(Prompt):
Retype all data exactly as given. Pictures should not be retyped.

(Records shown):
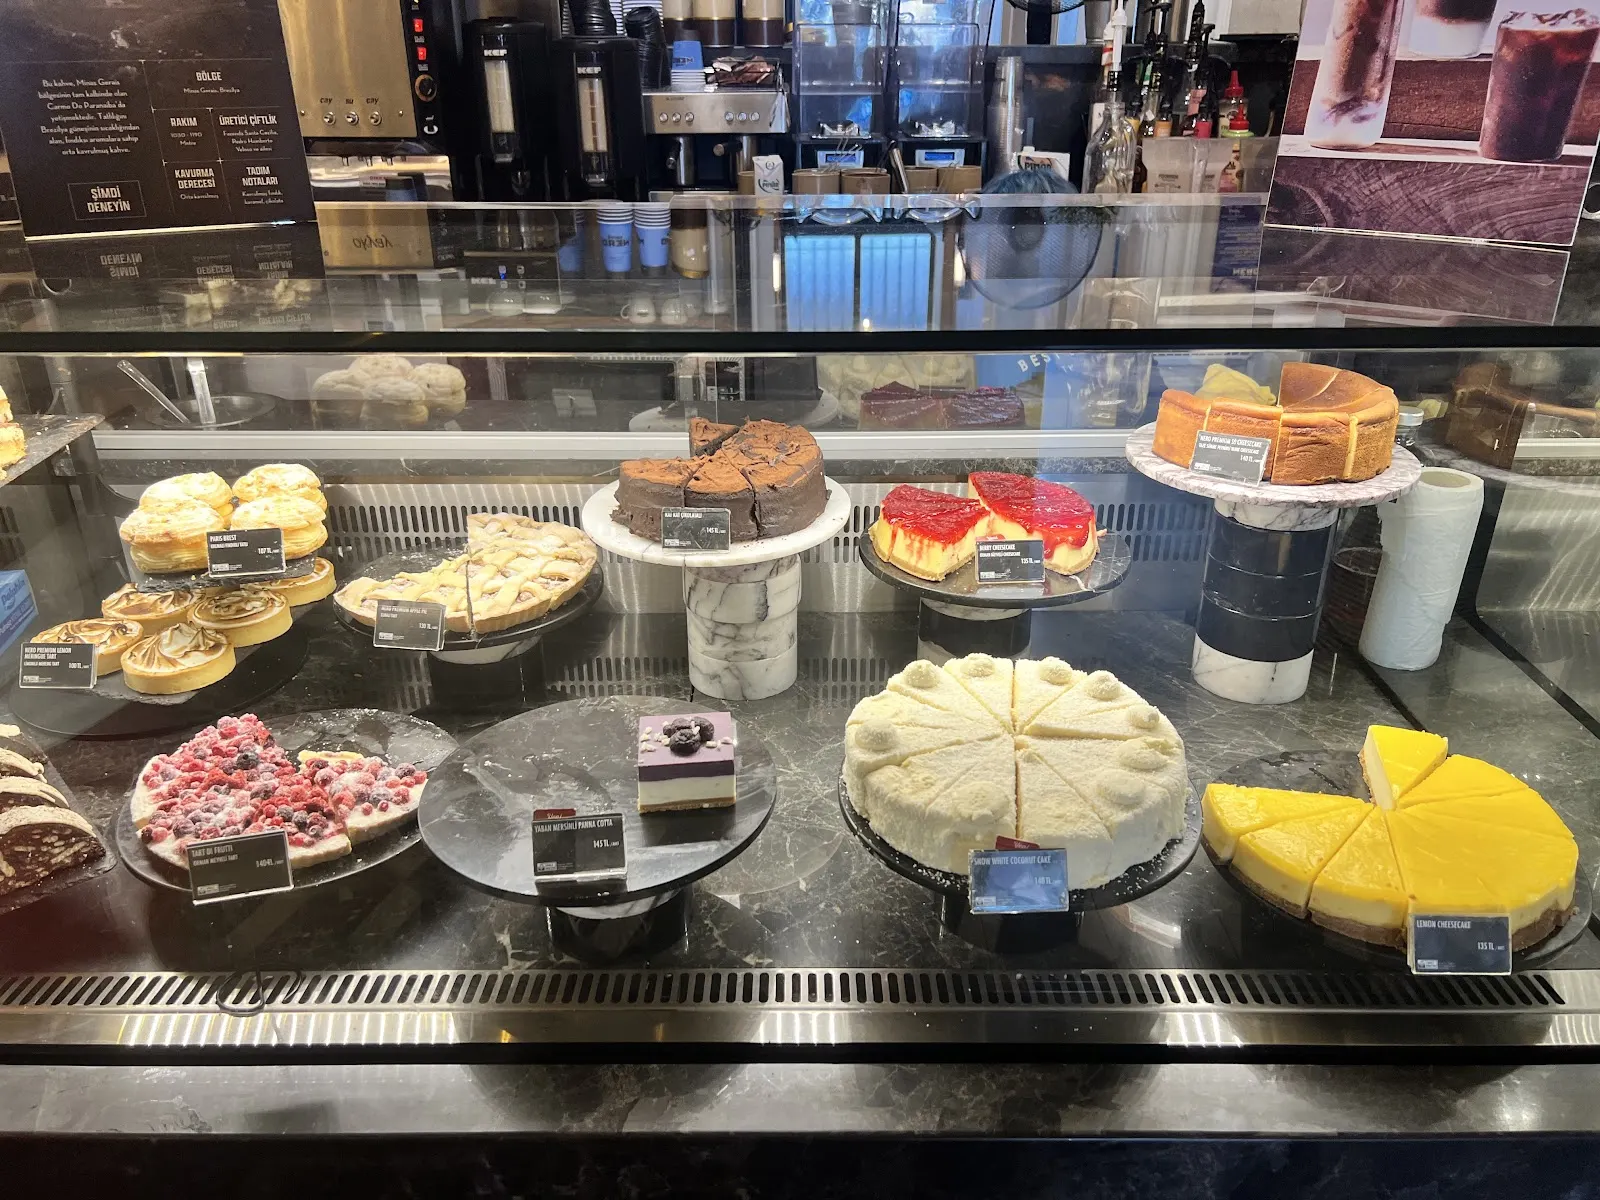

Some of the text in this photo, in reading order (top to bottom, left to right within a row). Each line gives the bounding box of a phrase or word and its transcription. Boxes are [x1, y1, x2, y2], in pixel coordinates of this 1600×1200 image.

[196, 71, 222, 81] BÖLGE
[170, 117, 197, 126] RAKIM
[219, 114, 277, 126] ÜRETİCİ ÇİFTLİK
[175, 168, 214, 178] KAVURMA
[246, 166, 270, 175] TADIM
[178, 178, 216, 189] DERECESİ
[242, 177, 278, 186] NOTALARI
[91, 185, 121, 201] ŞİMDİ
[87, 199, 130, 213] DENEYİN
[553, 821, 577, 831] MERSİNLİ
[578, 820, 596, 829] PANNA
[214, 845, 233, 854] FRUTTI
[1011, 856, 1036, 864] COCONUT
[1478, 942, 1487, 950] 135
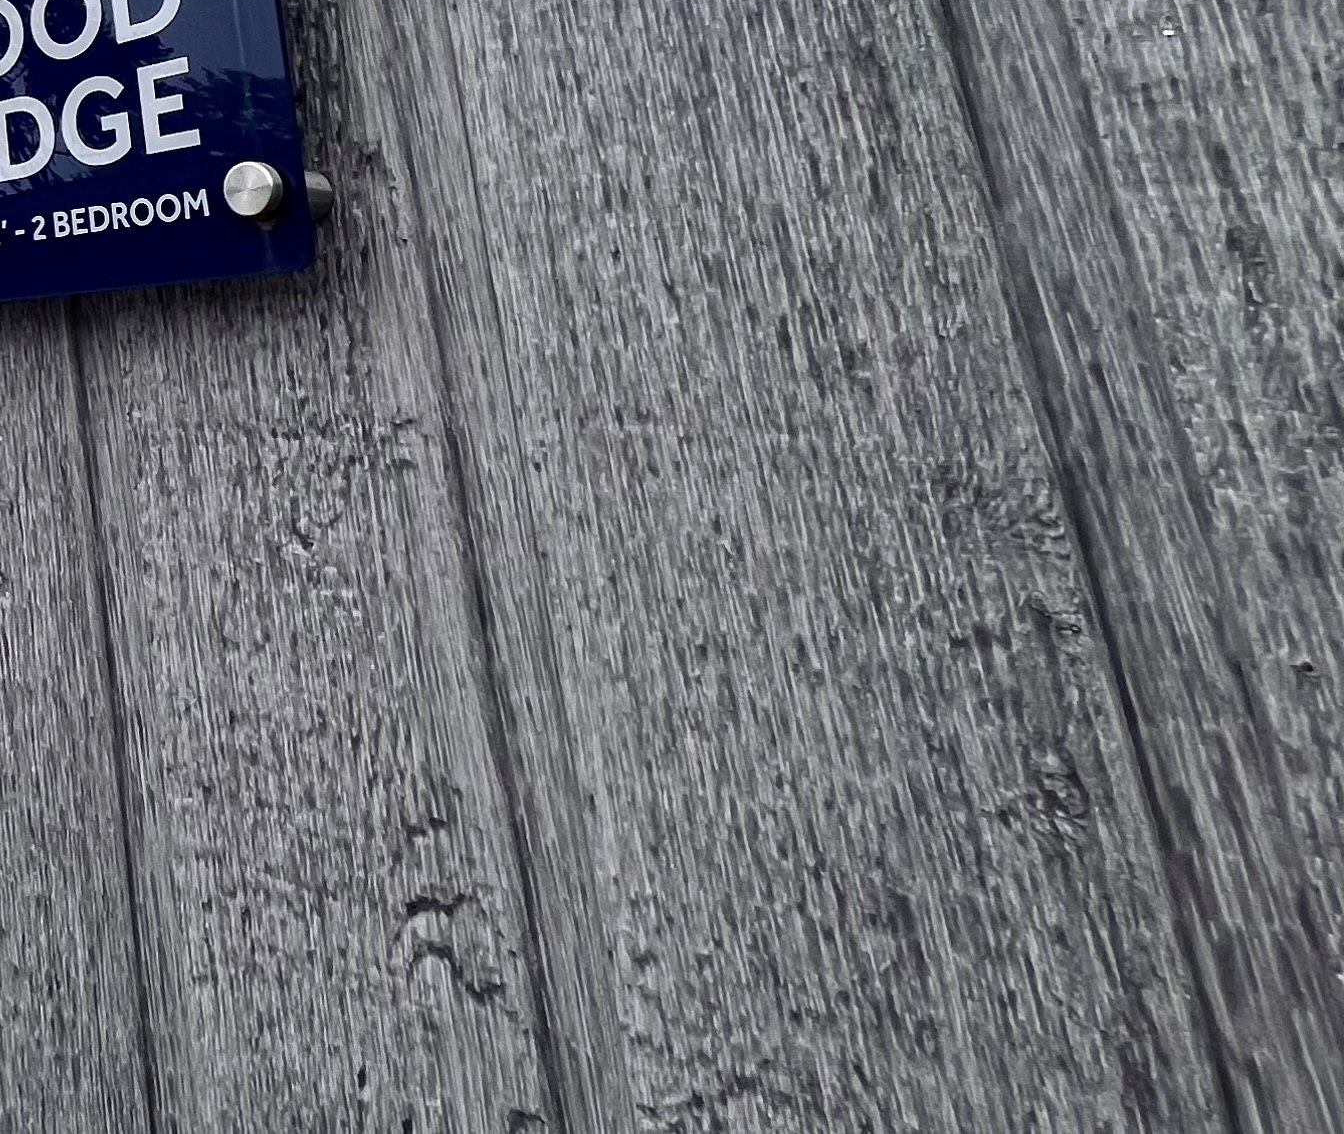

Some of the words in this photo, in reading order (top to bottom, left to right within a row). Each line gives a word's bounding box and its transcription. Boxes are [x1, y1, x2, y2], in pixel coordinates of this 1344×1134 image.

[13, 228, 26, 237] -
[30, 215, 48, 241] 2
[52, 188, 210, 239] BEDROOM

(Completed exercise):
Some of the text in this photo, in reading order (top to bottom, left to right within a row). Each line gives the bounding box of a phrase or word and its transcription. Boxes are [x1, y1, x2, y2], in pixel coordinates of this 1600×1200 image.

[196, 71, 222, 81] BÖLGE
[170, 117, 197, 126] RAKIM
[219, 114, 277, 126] ÜRETİCİ ÇİFTLİK
[175, 168, 214, 178] KAVURMA
[246, 166, 270, 175] TADIM
[178, 178, 216, 189] DERECESİ
[242, 177, 278, 186] NOTALARI
[91, 185, 121, 201] ŞİMDİ
[87, 199, 130, 213] DENEYİN
[553, 821, 577, 831] MERSİNLİ
[578, 820, 596, 829] PANNA
[214, 845, 233, 854] FRUTTI
[1011, 856, 1036, 864] COCONUT
[1478, 942, 1487, 950] 135

Some of the words in this photo, in reading order (top to bottom, left to right within a row). Each line gives a word's bounding box and its transcription. Boxes are [x1, y1, x2, y2], in pixel coordinates of this 1344×1134 image.

[13, 228, 26, 237] -
[30, 215, 48, 241] 2
[52, 188, 210, 239] BEDROOM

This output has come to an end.